**What to work on:**
Your response should be an exact transcription of the data, images excluded.

**Listed entries:**
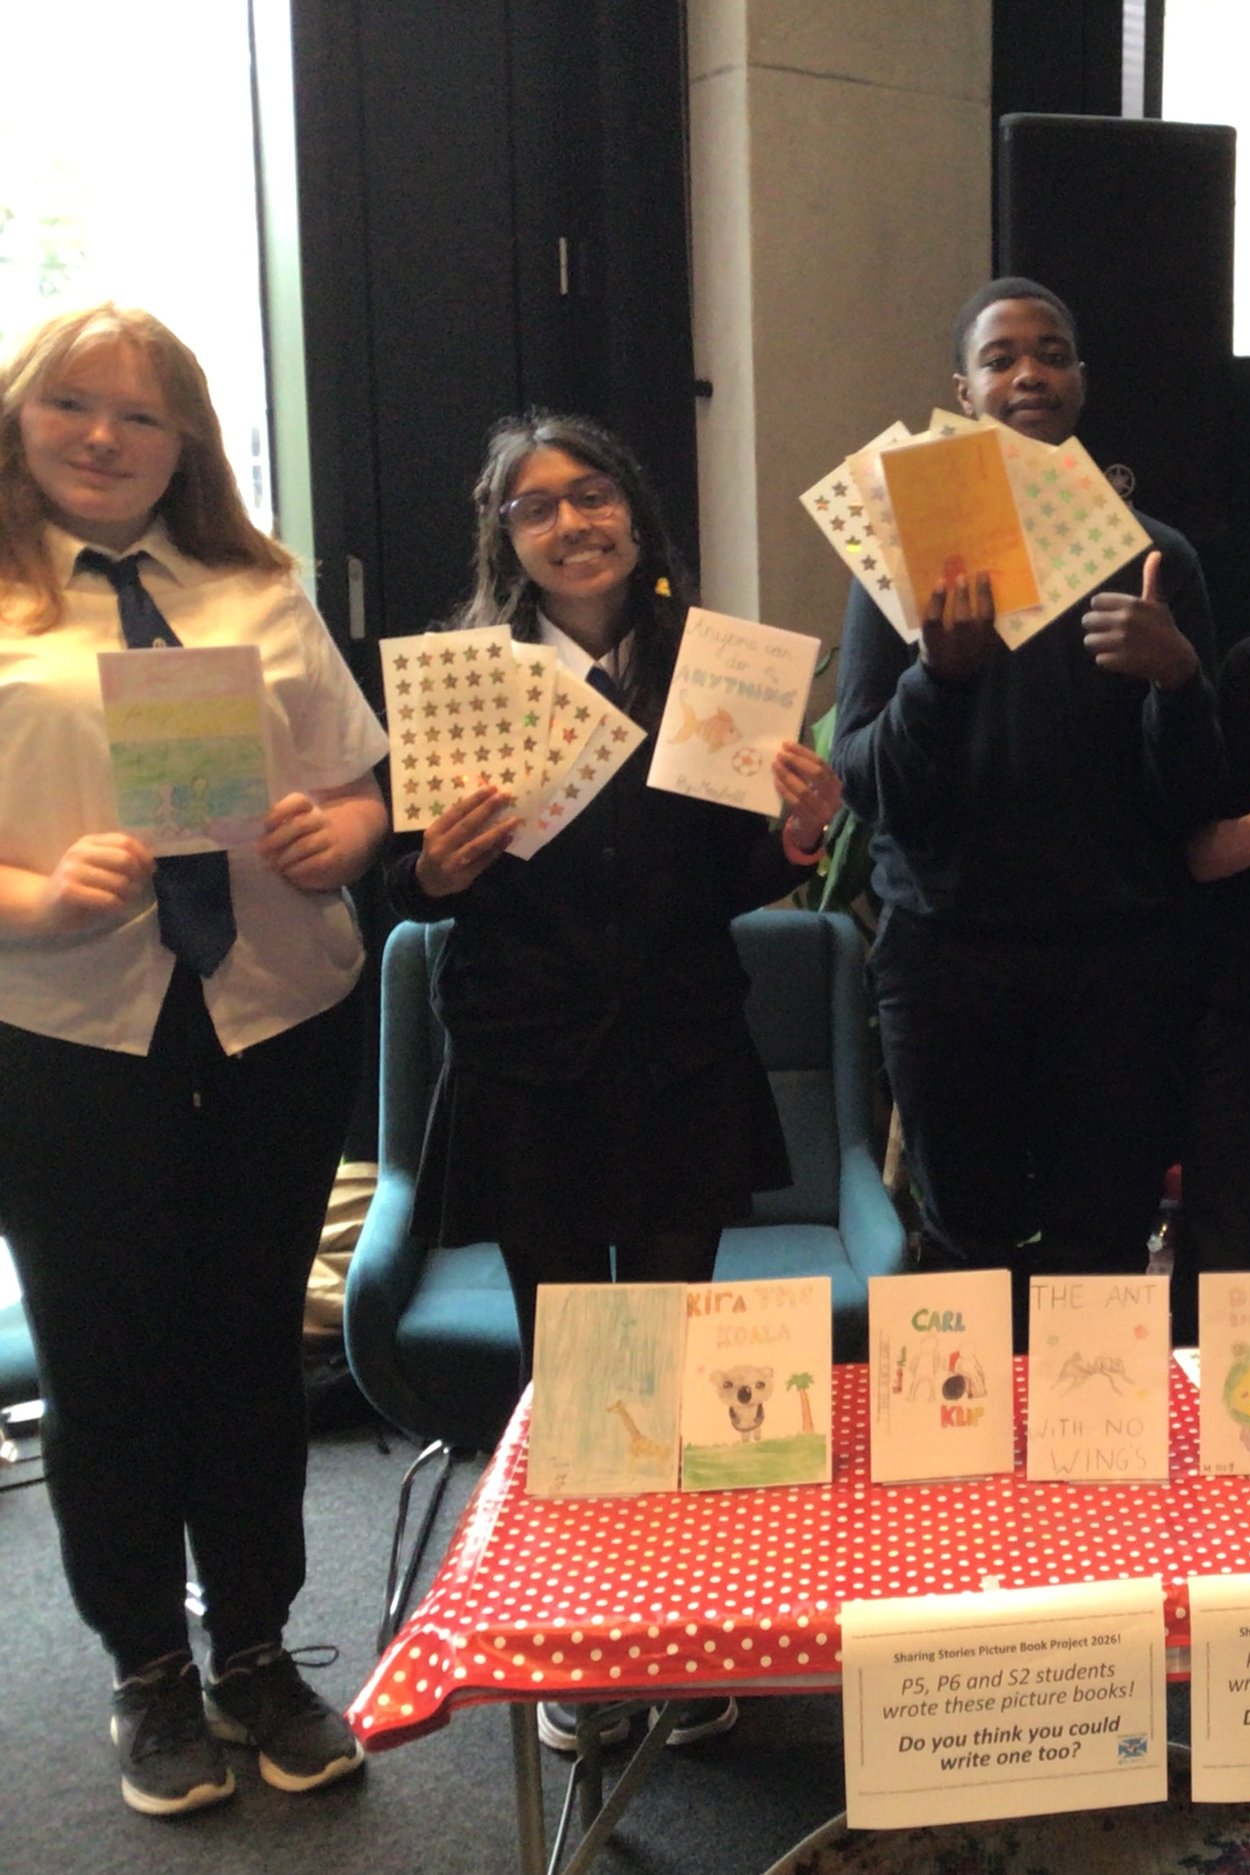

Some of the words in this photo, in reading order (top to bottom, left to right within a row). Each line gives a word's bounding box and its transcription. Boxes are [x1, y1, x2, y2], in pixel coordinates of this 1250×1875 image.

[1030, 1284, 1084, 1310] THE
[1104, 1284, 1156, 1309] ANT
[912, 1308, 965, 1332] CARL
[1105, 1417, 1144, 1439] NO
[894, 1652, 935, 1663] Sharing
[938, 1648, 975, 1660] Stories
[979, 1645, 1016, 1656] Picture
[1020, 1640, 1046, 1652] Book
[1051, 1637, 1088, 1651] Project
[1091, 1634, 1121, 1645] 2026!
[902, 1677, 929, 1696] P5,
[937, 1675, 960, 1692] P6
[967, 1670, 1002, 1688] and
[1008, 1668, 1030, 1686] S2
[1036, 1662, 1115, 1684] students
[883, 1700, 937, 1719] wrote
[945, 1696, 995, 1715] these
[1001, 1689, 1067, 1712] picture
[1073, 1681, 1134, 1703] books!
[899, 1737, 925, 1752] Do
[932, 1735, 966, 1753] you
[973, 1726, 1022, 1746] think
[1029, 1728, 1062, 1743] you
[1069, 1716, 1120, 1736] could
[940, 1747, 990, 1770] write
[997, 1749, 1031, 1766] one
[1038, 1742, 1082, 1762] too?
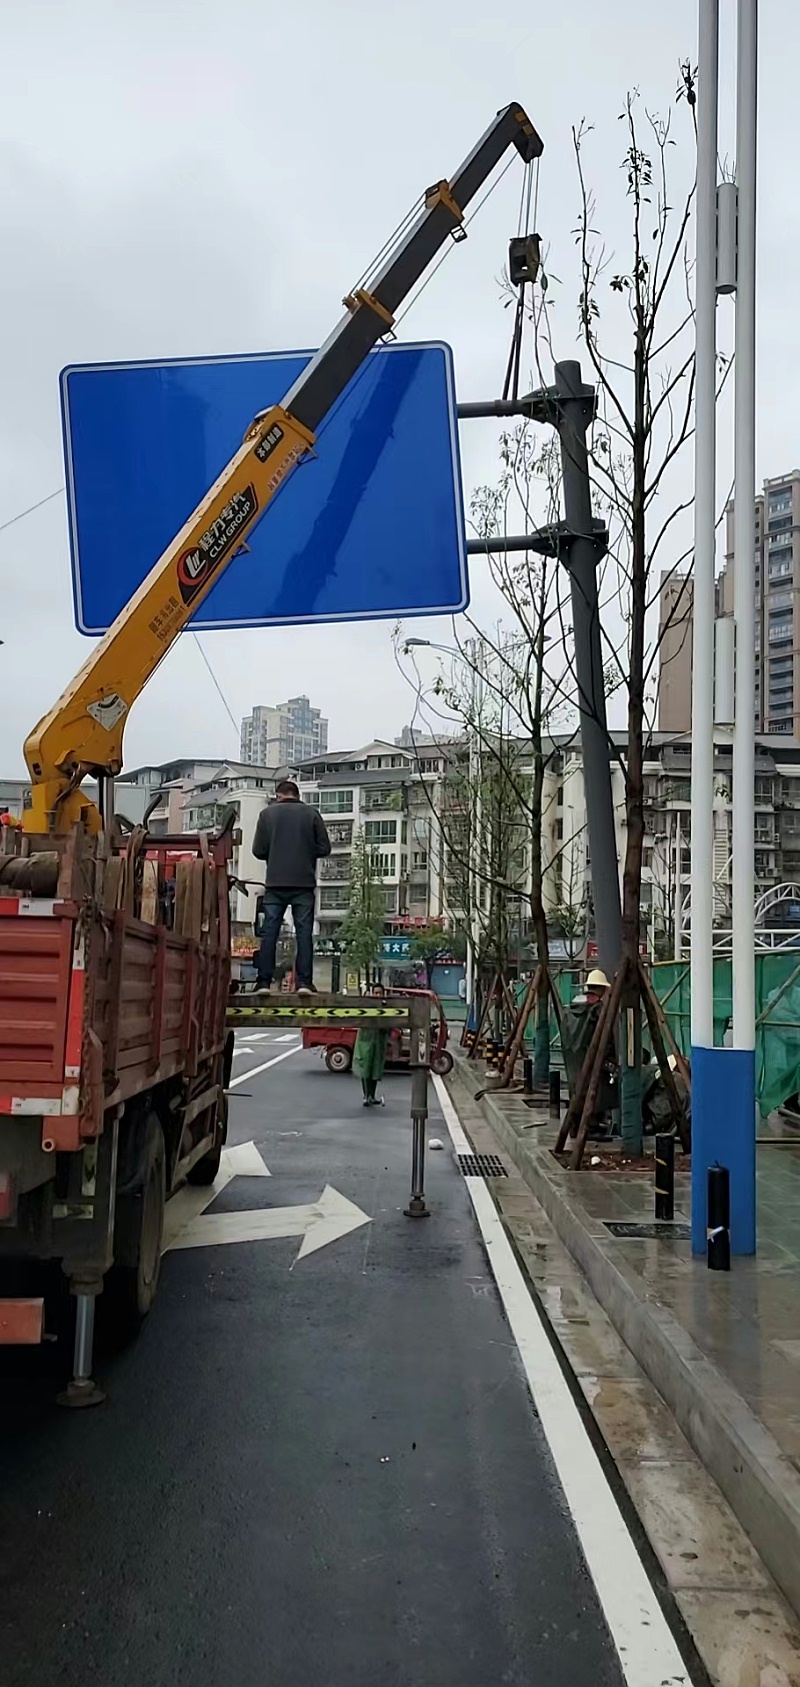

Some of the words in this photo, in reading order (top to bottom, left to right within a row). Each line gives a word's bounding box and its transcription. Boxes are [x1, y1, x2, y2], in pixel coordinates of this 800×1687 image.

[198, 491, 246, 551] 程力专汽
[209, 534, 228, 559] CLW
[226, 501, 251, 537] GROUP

**Task output:**
Some of the words in this photo, in reading order (top to bottom, left to right within a row). Each line gives a word's bounding box and its transcription. Boxes are [x1, y1, x2, y2], in pixel coordinates of this 1250×1875 image.

[1030, 1284, 1084, 1310] THE
[1104, 1284, 1156, 1309] ANT
[912, 1308, 965, 1332] CARL
[1105, 1417, 1144, 1439] NO
[894, 1652, 935, 1663] Sharing
[938, 1648, 975, 1660] Stories
[979, 1645, 1016, 1656] Picture
[1020, 1640, 1046, 1652] Book
[1051, 1637, 1088, 1651] Project
[1091, 1634, 1121, 1645] 2026!
[902, 1677, 929, 1696] P5,
[937, 1675, 960, 1692] P6
[967, 1670, 1002, 1688] and
[1008, 1668, 1030, 1686] S2
[1036, 1662, 1115, 1684] students
[883, 1700, 937, 1719] wrote
[945, 1696, 995, 1715] these
[1001, 1689, 1067, 1712] picture
[1073, 1681, 1134, 1703] books!
[899, 1737, 925, 1752] Do
[932, 1735, 966, 1753] you
[973, 1726, 1022, 1746] think
[1029, 1728, 1062, 1743] you
[1069, 1716, 1120, 1736] could
[940, 1747, 990, 1770] write
[997, 1749, 1031, 1766] one
[1038, 1742, 1082, 1762] too?

Some of the words in this photo, in reading order (top to bottom, left to right within a row). Each line gives a word's bounding box and its transcription. Boxes are [x1, y1, x2, y2], in pixel coordinates of this 800×1687 image.

[198, 491, 246, 551] 程力专汽
[209, 534, 228, 559] CLW
[226, 501, 251, 537] GROUP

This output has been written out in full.